§ **EXERCISE**
Give the records again word for word. Leave every picture out.

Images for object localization
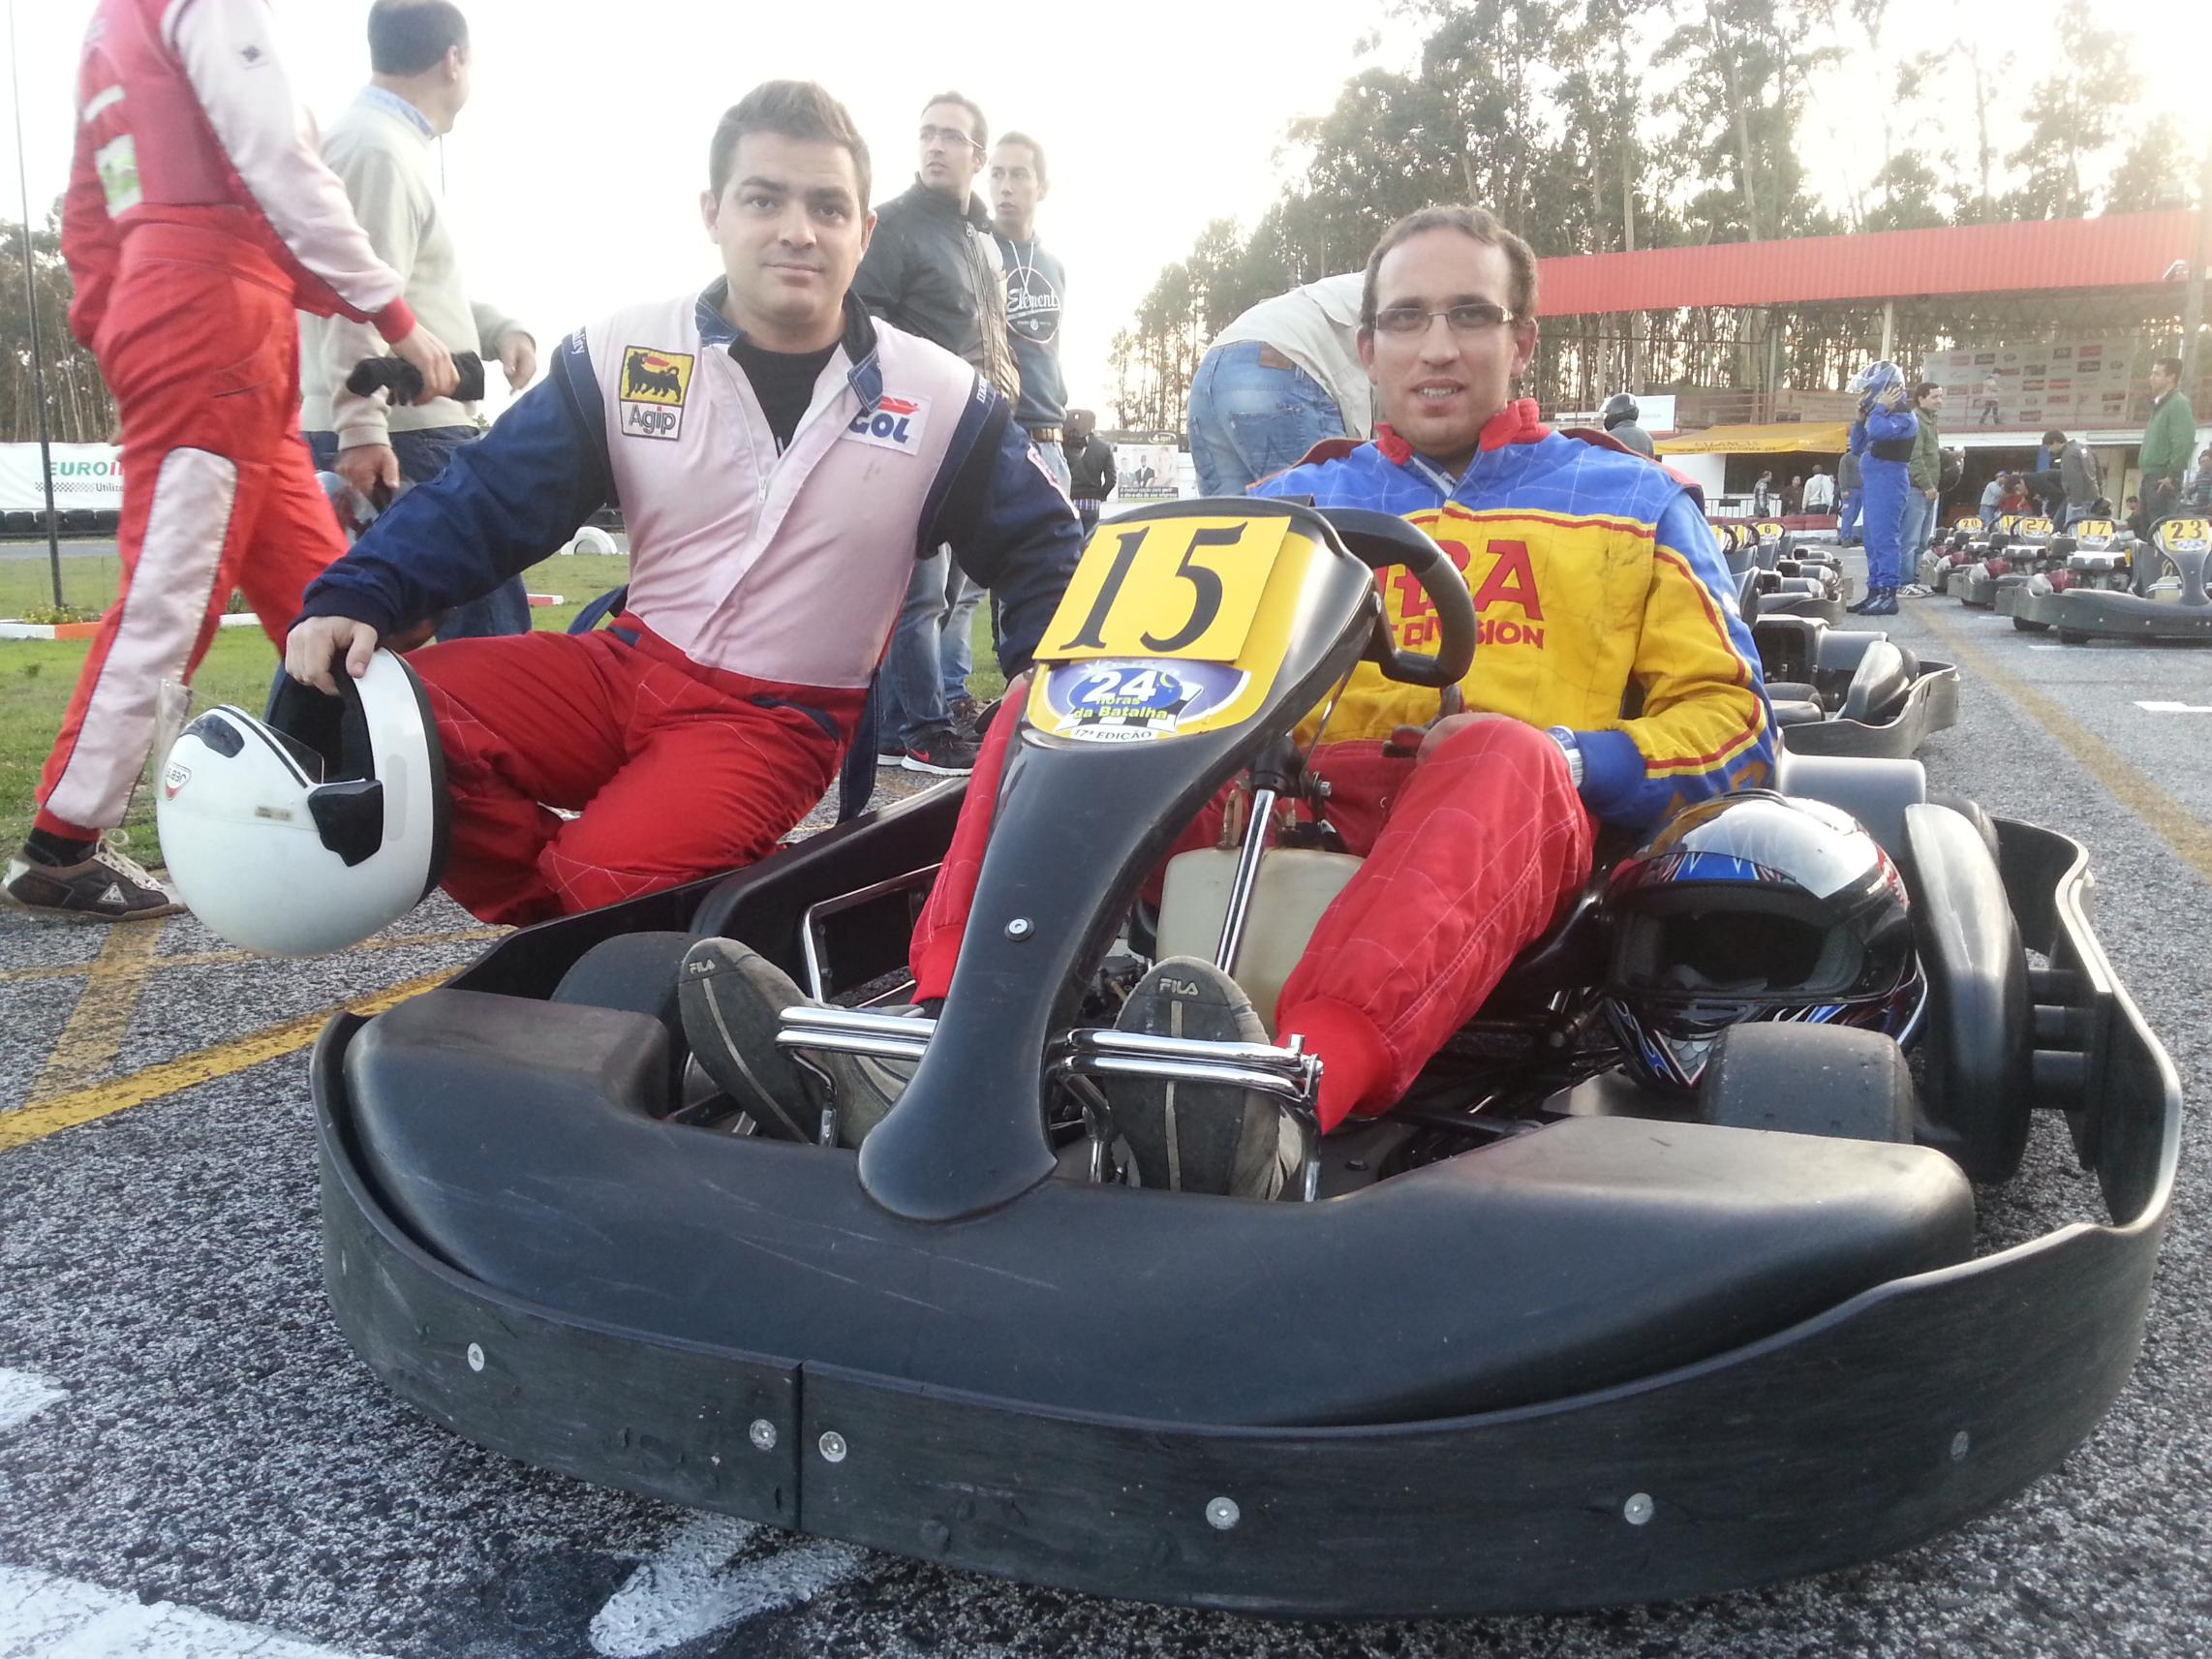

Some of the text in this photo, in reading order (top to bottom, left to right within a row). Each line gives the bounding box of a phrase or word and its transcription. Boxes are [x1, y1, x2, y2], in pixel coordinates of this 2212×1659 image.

[1007, 288, 1059, 312] Element
[630, 403, 676, 435] Agip
[848, 411, 909, 444] GOL
[1765, 525, 1771, 534] 6
[2026, 518, 2048, 531] 27
[2085, 521, 2107, 535] 17
[2170, 520, 2203, 539] 23
[1059, 521, 1248, 653] 15
[1403, 616, 1544, 650] DISION
[1082, 670, 1157, 703] 24
[1095, 693, 1141, 706] horas
[1072, 706, 1169, 721] da Batalha
[1095, 730, 1152, 740] EDIÇÃO
[689, 959, 716, 974] FILA
[1159, 977, 1199, 996] FILA

§ **ANSWER FOR THIS EXERCISE**
Some of the text in this photo, in reading order (top to bottom, left to right within a row). Each line gives the bounding box of a phrase or word and its transcription. Boxes are [x1, y1, x2, y2], in pixel coordinates of this 2212×1659 image.

[1007, 288, 1059, 312] Element
[630, 403, 676, 435] Agip
[848, 411, 909, 444] GOL
[1765, 525, 1771, 534] 6
[2026, 518, 2048, 531] 27
[2085, 521, 2107, 535] 17
[2170, 520, 2203, 539] 23
[1059, 521, 1248, 653] 15
[1403, 616, 1544, 650] DISION
[1082, 670, 1157, 703] 24
[1095, 693, 1141, 706] horas
[1072, 706, 1169, 721] da Batalha
[1095, 730, 1152, 740] EDIÇÃO
[689, 959, 716, 974] FILA
[1159, 977, 1199, 996] FILA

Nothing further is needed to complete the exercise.